*DESCRIPTION OF THE TASK*:
With the pictures omitted, set down exactly the lines from the one that contains "this 1920×1080 image." through the last line of the data.

*SUPPLIED DATA*:
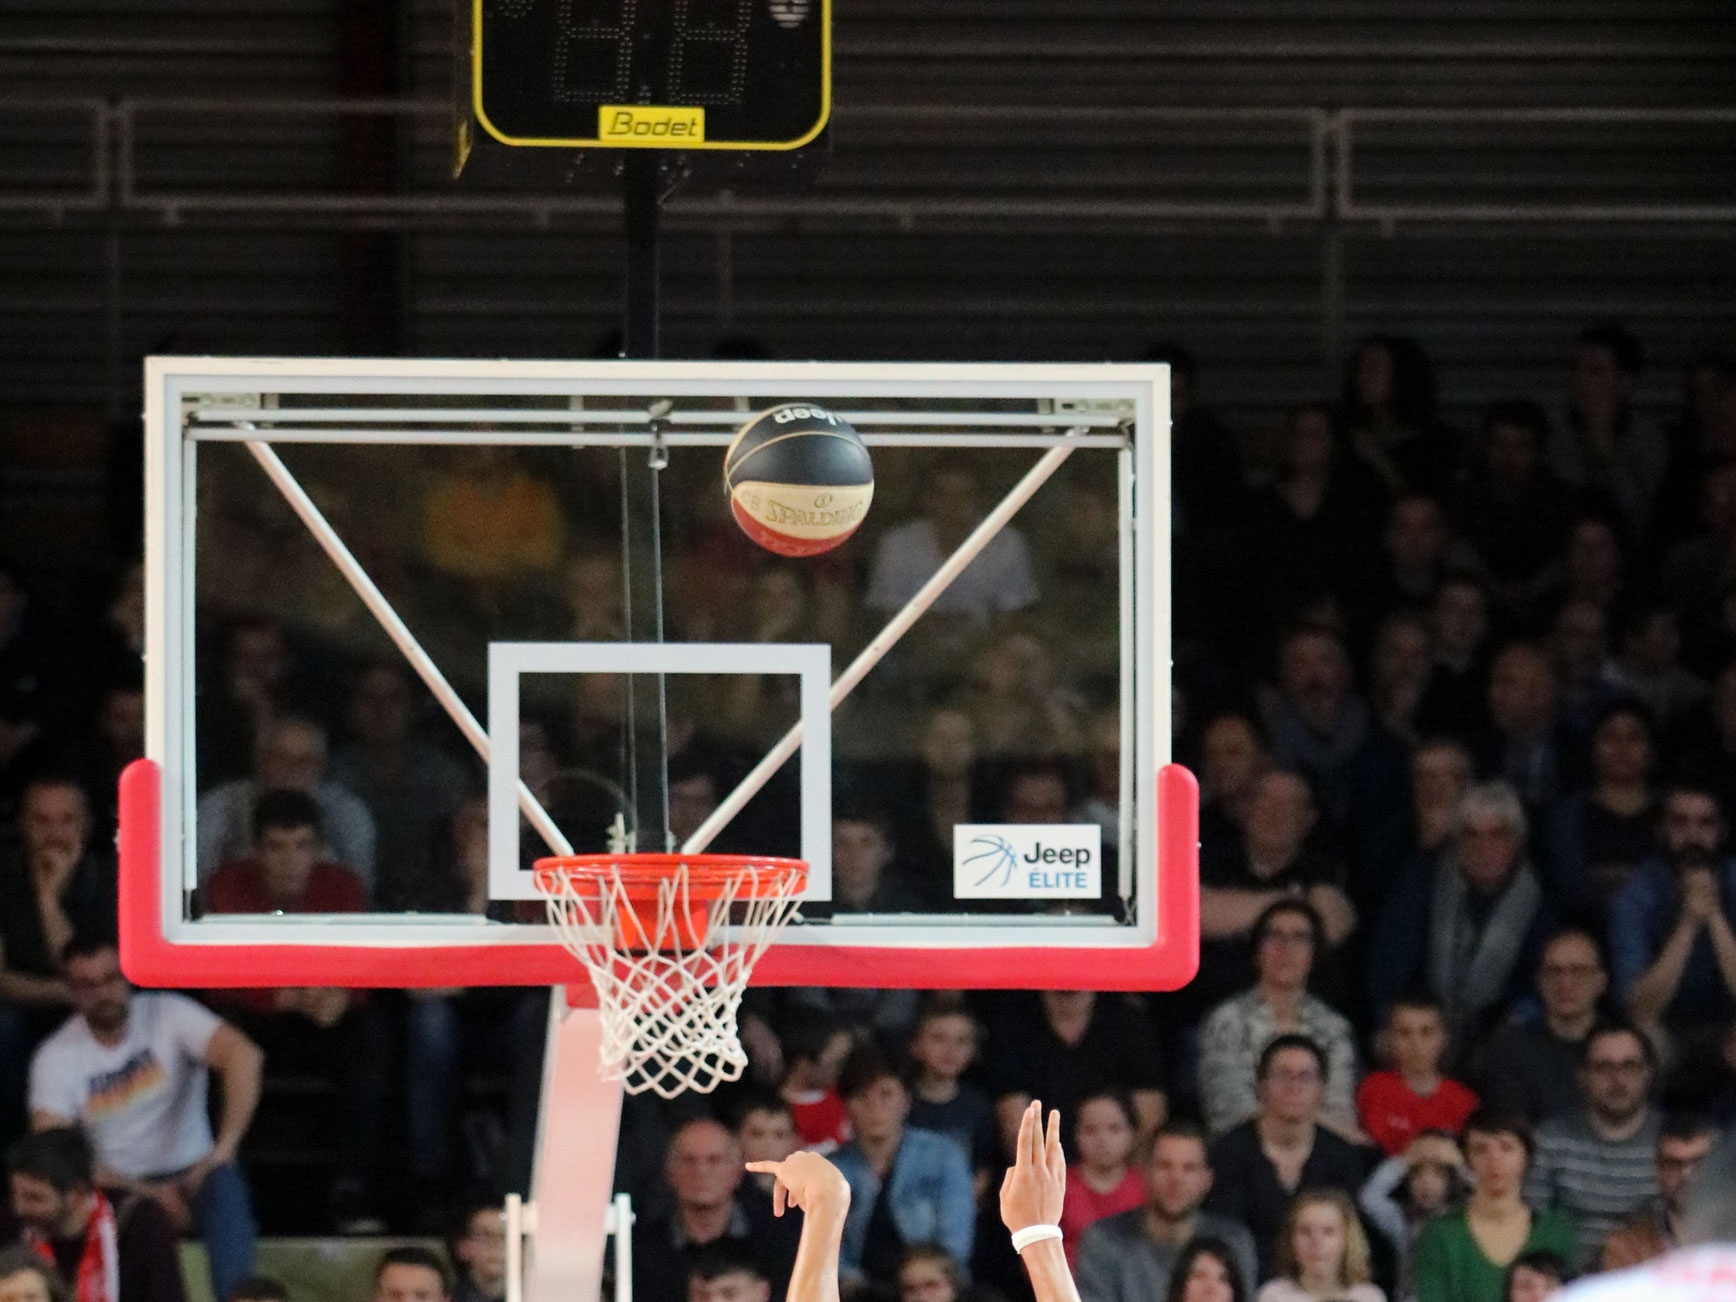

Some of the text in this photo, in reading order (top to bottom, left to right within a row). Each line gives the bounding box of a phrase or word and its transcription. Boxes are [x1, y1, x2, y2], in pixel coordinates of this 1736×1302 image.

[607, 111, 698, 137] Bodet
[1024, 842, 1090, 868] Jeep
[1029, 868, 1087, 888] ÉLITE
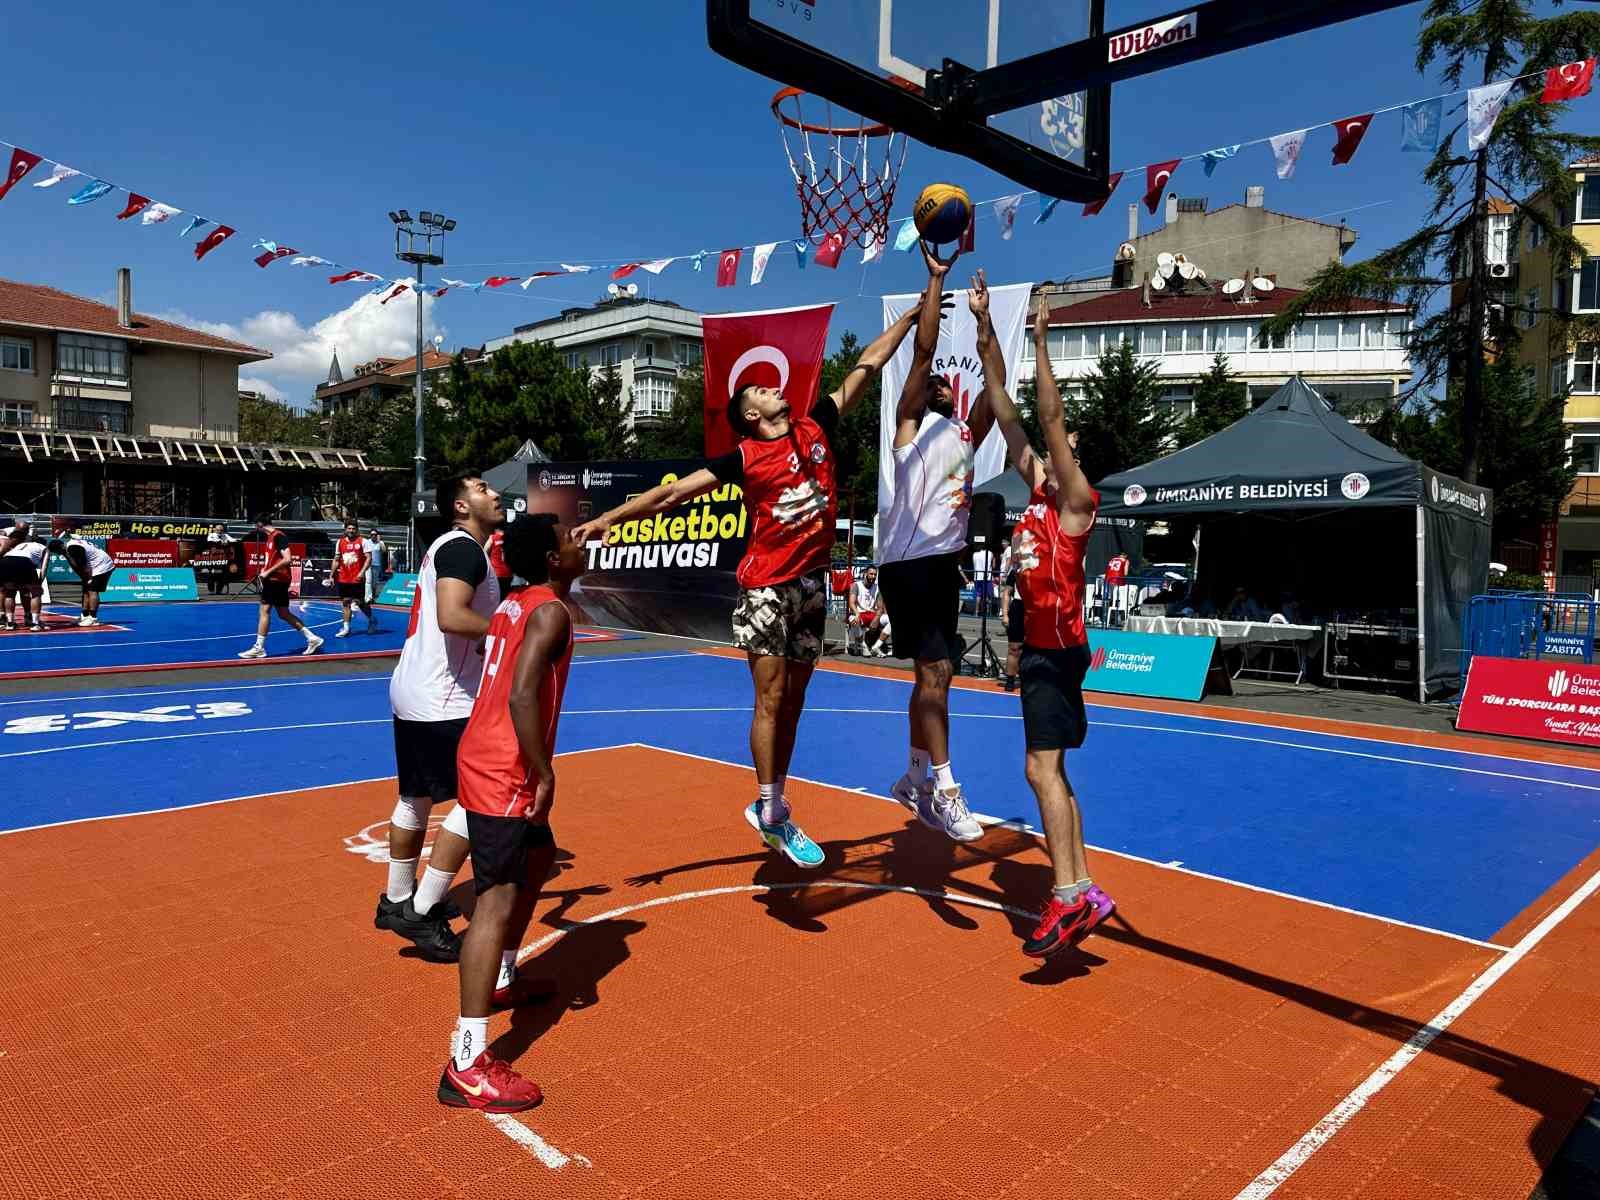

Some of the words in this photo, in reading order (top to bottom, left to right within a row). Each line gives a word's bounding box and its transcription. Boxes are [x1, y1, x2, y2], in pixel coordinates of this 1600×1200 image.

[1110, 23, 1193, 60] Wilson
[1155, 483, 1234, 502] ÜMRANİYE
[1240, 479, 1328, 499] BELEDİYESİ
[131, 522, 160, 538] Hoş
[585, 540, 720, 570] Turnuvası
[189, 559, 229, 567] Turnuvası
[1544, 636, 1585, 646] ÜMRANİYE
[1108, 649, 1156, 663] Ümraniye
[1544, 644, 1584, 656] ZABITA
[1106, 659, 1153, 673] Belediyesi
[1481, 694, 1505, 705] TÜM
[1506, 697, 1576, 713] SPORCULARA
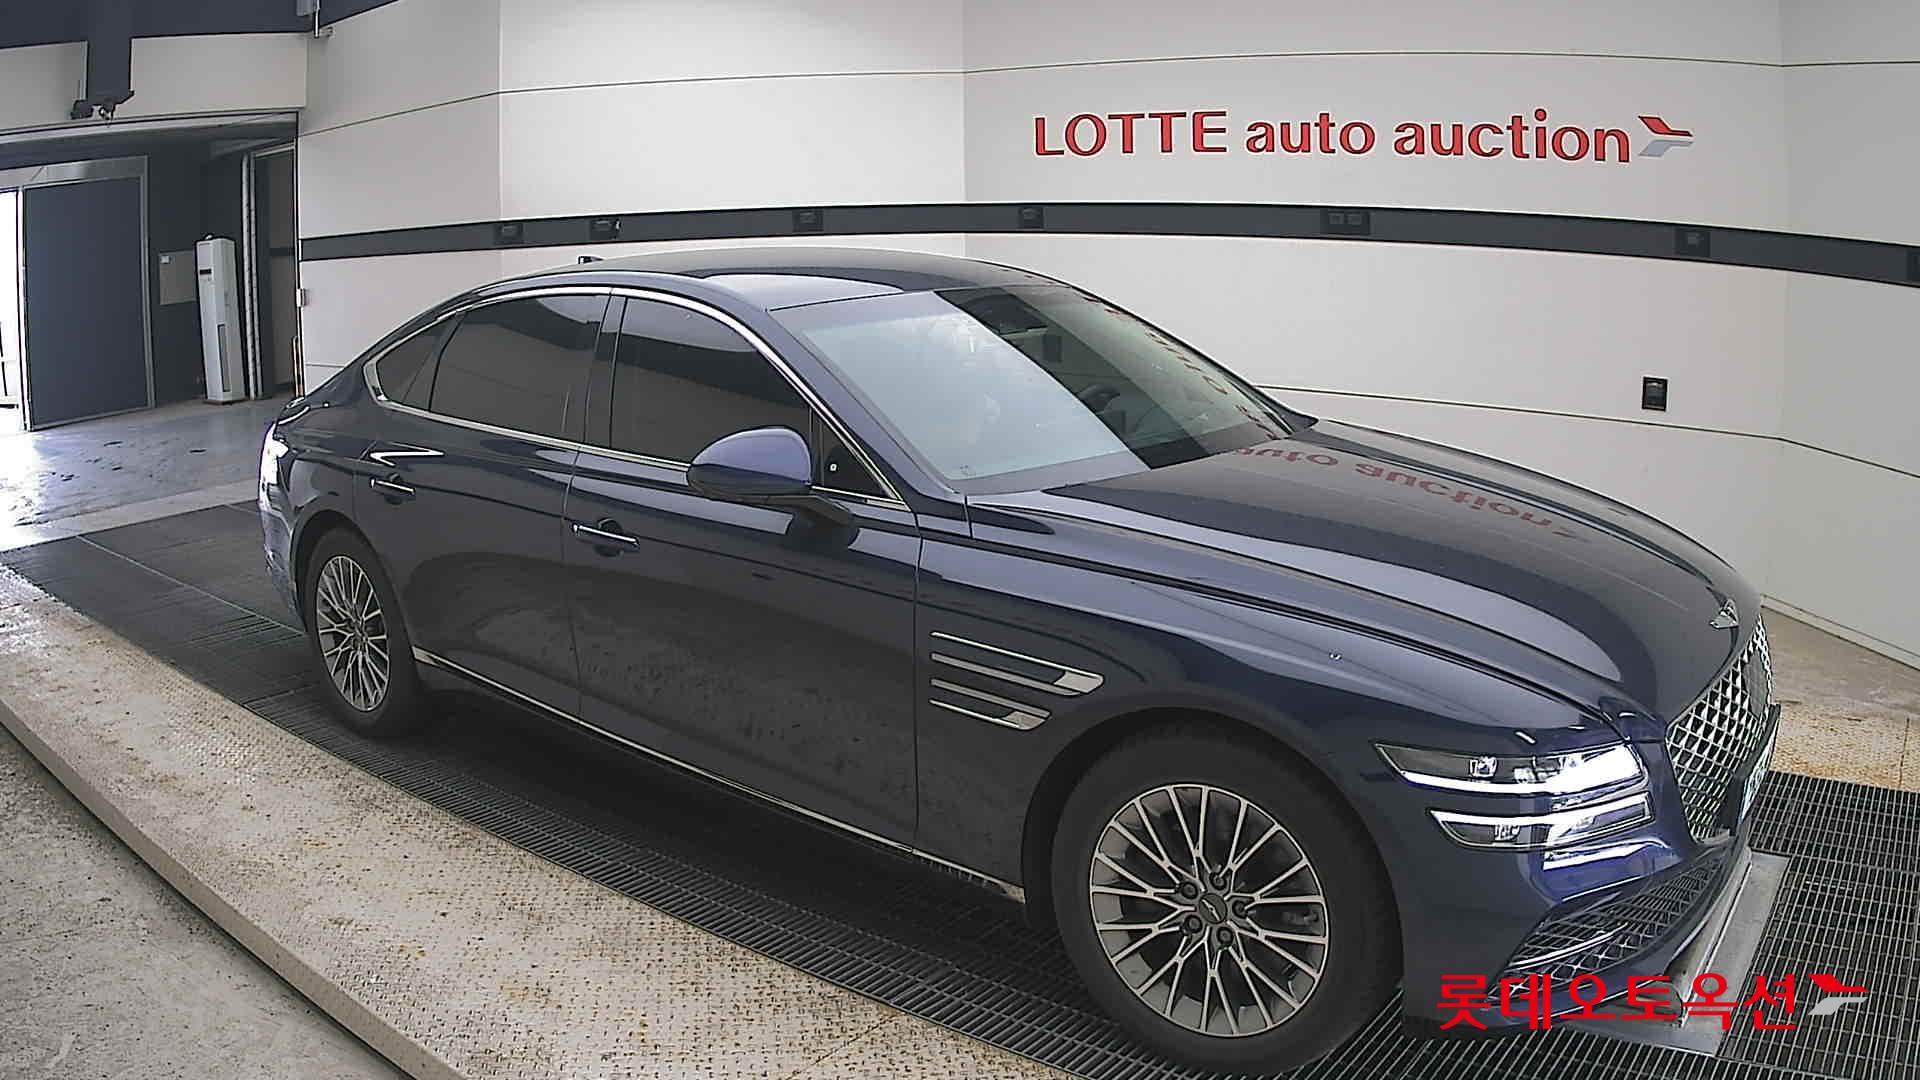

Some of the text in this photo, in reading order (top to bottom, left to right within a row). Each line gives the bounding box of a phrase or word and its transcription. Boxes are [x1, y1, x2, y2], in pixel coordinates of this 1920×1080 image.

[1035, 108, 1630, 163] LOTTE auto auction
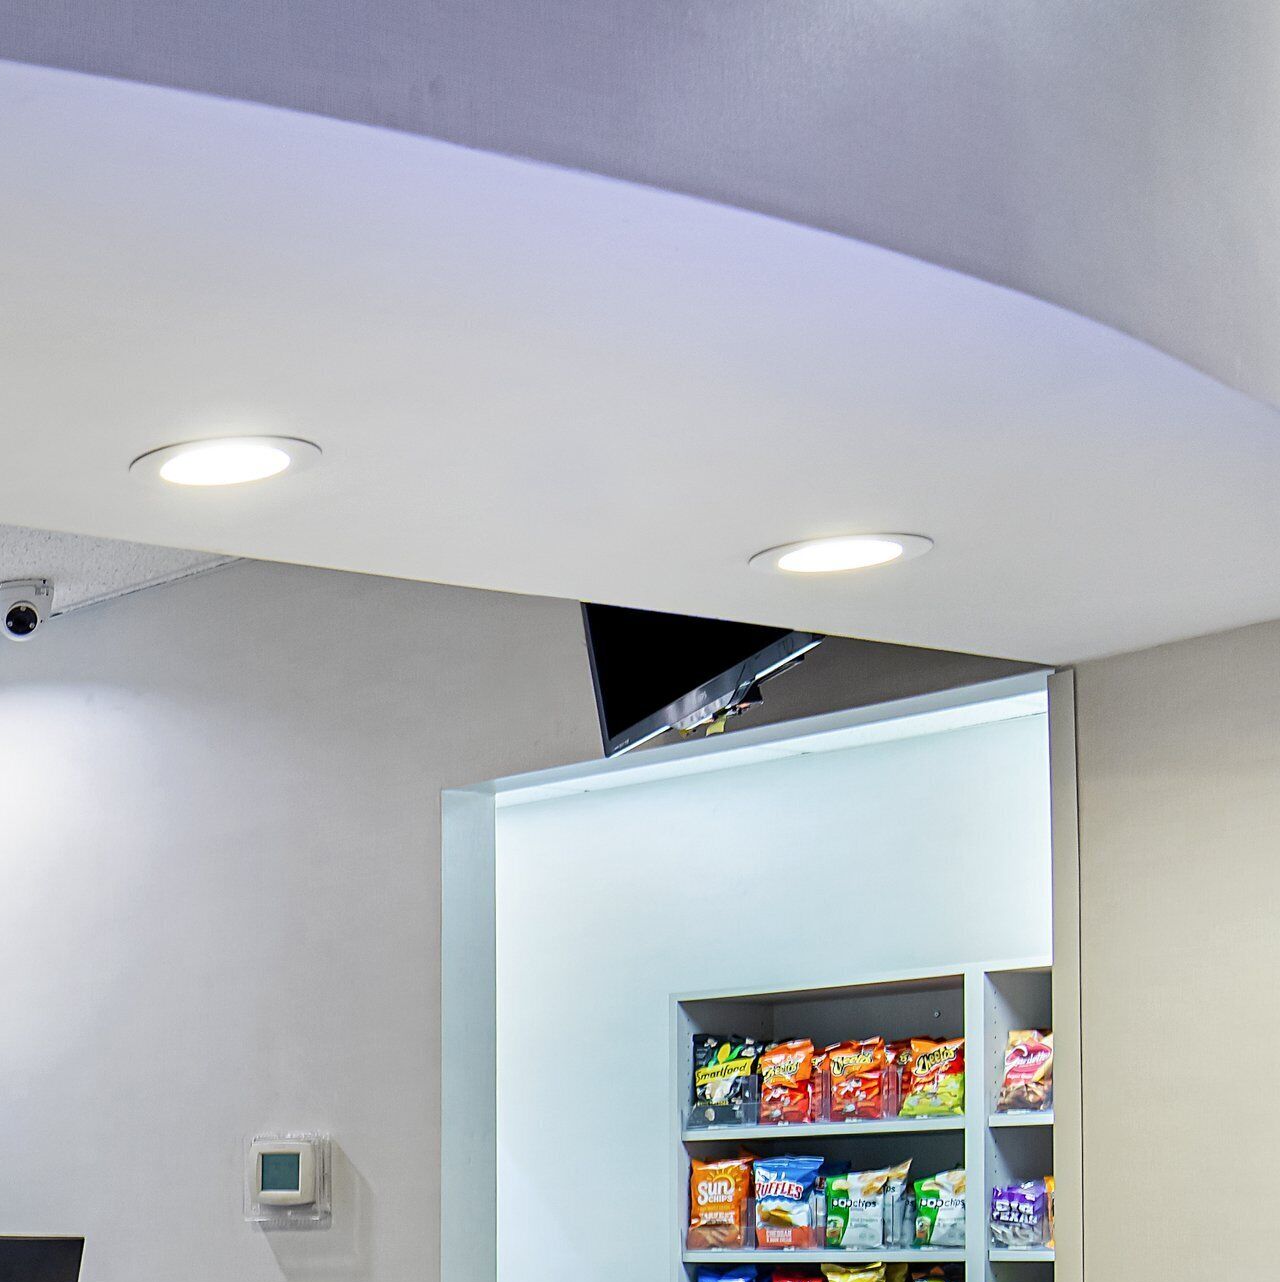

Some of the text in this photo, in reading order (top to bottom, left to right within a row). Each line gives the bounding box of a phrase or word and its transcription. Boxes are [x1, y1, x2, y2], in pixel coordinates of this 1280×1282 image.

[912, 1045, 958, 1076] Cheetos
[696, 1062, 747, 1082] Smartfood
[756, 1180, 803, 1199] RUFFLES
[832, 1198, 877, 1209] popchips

*FINISHED EXERCISE*:
Some of the text in this photo, in reading order (top to bottom, left to right within a row). Each line gives the bounding box of a phrase or word and its transcription. Boxes are [x1, y1, x2, y2], in pixel coordinates of this 1920×1080 image.

[1035, 108, 1630, 163] LOTTE auto auction

Some of the text in this photo, in reading order (top to bottom, left to right within a row). Each line gives the bounding box of a phrase or word and its transcription. Boxes are [x1, y1, x2, y2], in pixel coordinates of this 1280×1282 image.

[912, 1045, 958, 1076] Cheetos
[696, 1062, 747, 1082] Smartfood
[756, 1180, 803, 1199] RUFFLES
[832, 1198, 877, 1209] popchips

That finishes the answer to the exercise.